Felicitaciones por los trabajos realizados sobre la mastitis, mas, de verdad quisiera pedirle ayuda sobre un método acerca del conteo o recuento de células somáticas de forma que pueda trabajar solo con el microscopio. Mucho agadecere vuestra disposicon

Estimados colegas, definitivamente, no hay dos establos iguales como para igualar condiciones y resultados.Tenemos grupos de vacas con valoración indivual Los estandares de los reactivos comerciales de la CMT y el desarrollo del gel formado influyen mucho en la apreciacion del resultado, existe una capacidad reologica y medible. En alemania se esta trabajando sobre este aspecto para mejorar esta prueba tan economica y no tarda en detonar comercialmente con la intención de terminar con tantas controversias o cuando menos dar un enfoque mas real del gel formado y su clasificación. por otro lado, llevar y tener los datos mes con mes ofrece muchas garantías sobre la permanencia de las vacas en el establo o su segregación en un futuro. La correlación de la CMT y el trabajar con el contador de celulas por vaca o por cuarto, resulta interesante al cruzar esta información porque las dos son íntimas en el resultado y llevando un acumulado de respuestas durante un periodo de tiempo permite ver que las que permanecen subclinicas no tardaran en caer en vacas clínicas, a menos que de mes en mes y no mas allá de 3 resultados positivos en la CMT o por arriba de las 400,000 y en un sentido mas estricto por arriba de las 200,000 sean revisadas por medios diagnosticos que se tengan a la mano.

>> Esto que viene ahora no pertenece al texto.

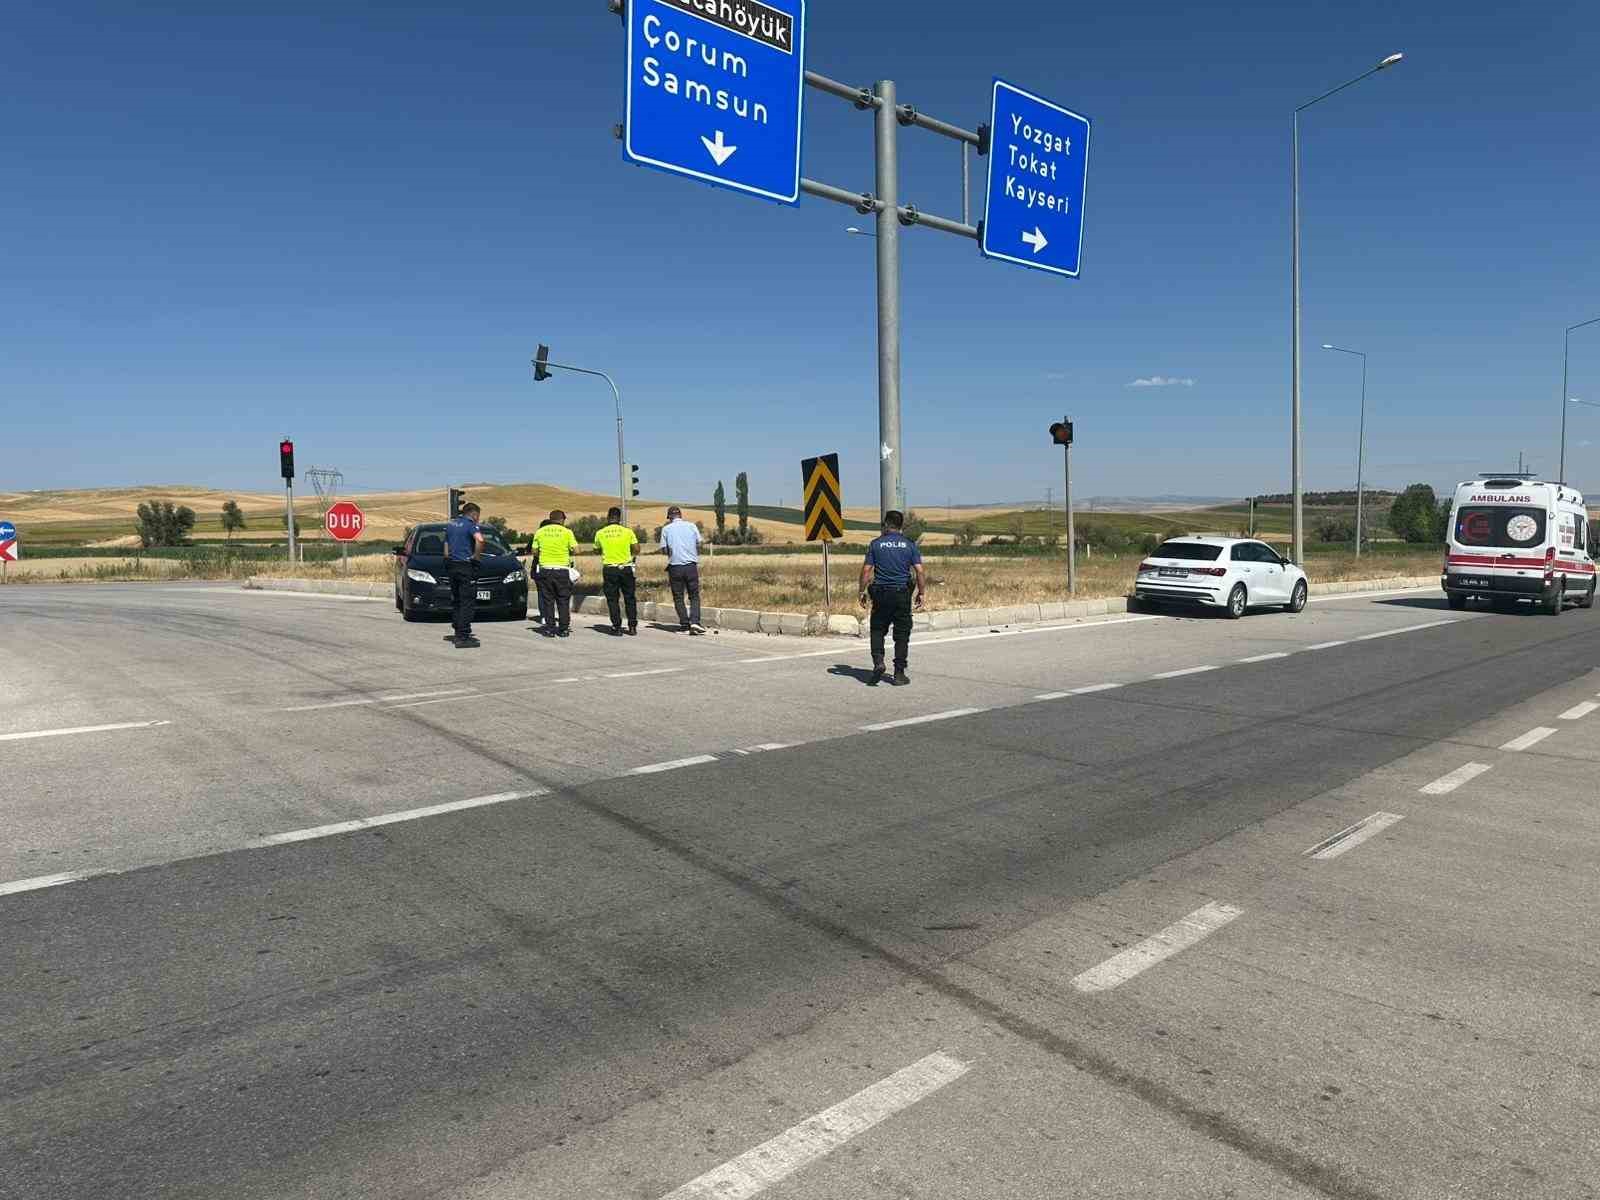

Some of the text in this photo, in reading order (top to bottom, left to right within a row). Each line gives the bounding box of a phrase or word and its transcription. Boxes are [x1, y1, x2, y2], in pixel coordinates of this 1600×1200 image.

Claro que ambas pruebas son subjetivas o indirectas y de gran valor y cerrar el circulo con las bacteriologicas para poner nombre y apellido a las bacterias, incluso hasta el PCR. Hasta aquí dejariamos cubierto el valor diagnostico para encontrar el valor epidemiologico de la vida de las vacas y plantearnos las estrategias para reducir la mastitis subclínica a un mínimo posible y como siempre el manejo se lleva gran parte de estas soluciones a los problemas presentes en cada establo. ¿que tal si ayudamos a las vacas a mejorar el trajecito que llevan puesto, estoy hablando de la "inmunidad innata", donde la respuesta secundaria es exactamenete igual que la primaria y con mucho manejo lograremos mejoras en el futuro de las vacas. Saludos respetuosamente.

Todo o referente a la mastitis subclínica y el conteo de celulas somáticas, eso lo tenemos claro, donde aún radica nuestra duda es referente en el momento de - aplicar los tratamiento para estas vacas con grado 2 o grado 3, . Digo esto porque hay investigadores que recomiendan realizar los tratamientos con antib. inmediatamente de tener los resultados (previo cultivo y antibiograma) y otros- recomiendan realizar éstos al momento de la seca. Saludos.